Problem to solve
Would you quote every entry exactly, dropping only the pictures?

Input for this task
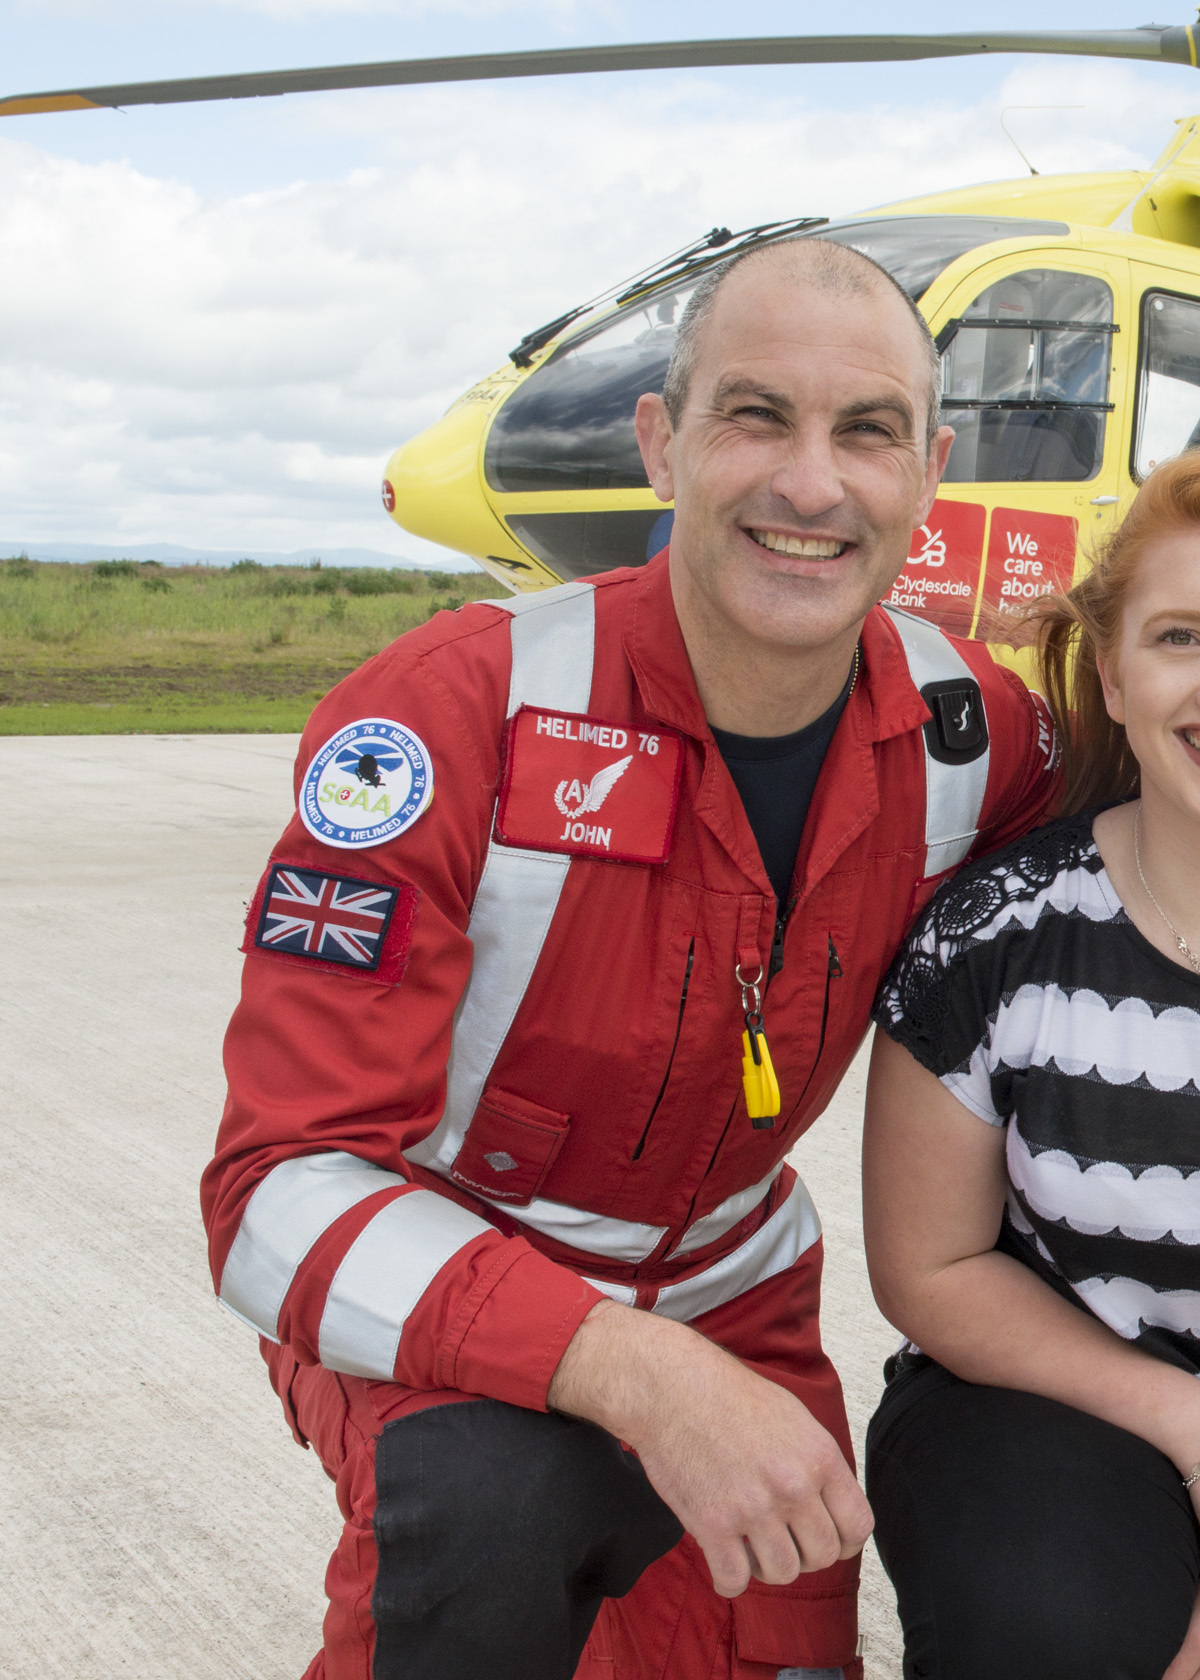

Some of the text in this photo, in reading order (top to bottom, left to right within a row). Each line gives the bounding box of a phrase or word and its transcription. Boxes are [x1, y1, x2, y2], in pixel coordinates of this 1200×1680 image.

[1006, 531, 1038, 556] We
[1004, 558, 1043, 577] care
[890, 590, 927, 608] Bank
[893, 574, 971, 597] Clydesdale
[1001, 577, 1054, 598] about
[317, 725, 376, 767] HELIMED 76
[536, 715, 660, 756] HELIMED 76
[389, 729, 425, 789] HELIMED 76
[319, 782, 391, 818] SCAA
[564, 779, 582, 803] A
[306, 781, 336, 835] HELIMED 76
[350, 803, 416, 841] HELIMED 76
[560, 821, 613, 852] JOHN

Response
Some of the text in this photo, in reading order (top to bottom, left to right within a row). Each line gives the bounding box of a phrase or word and its transcription. Boxes are [x1, y1, x2, y2], in pixel coordinates of this 1200×1680 image.

[1006, 531, 1038, 556] We
[1004, 558, 1043, 577] care
[890, 590, 927, 608] Bank
[893, 574, 971, 597] Clydesdale
[1001, 577, 1054, 598] about
[317, 725, 376, 767] HELIMED 76
[536, 715, 660, 756] HELIMED 76
[389, 729, 425, 789] HELIMED 76
[319, 782, 391, 818] SCAA
[564, 779, 582, 803] A
[306, 781, 336, 835] HELIMED 76
[350, 803, 416, 841] HELIMED 76
[560, 821, 613, 852] JOHN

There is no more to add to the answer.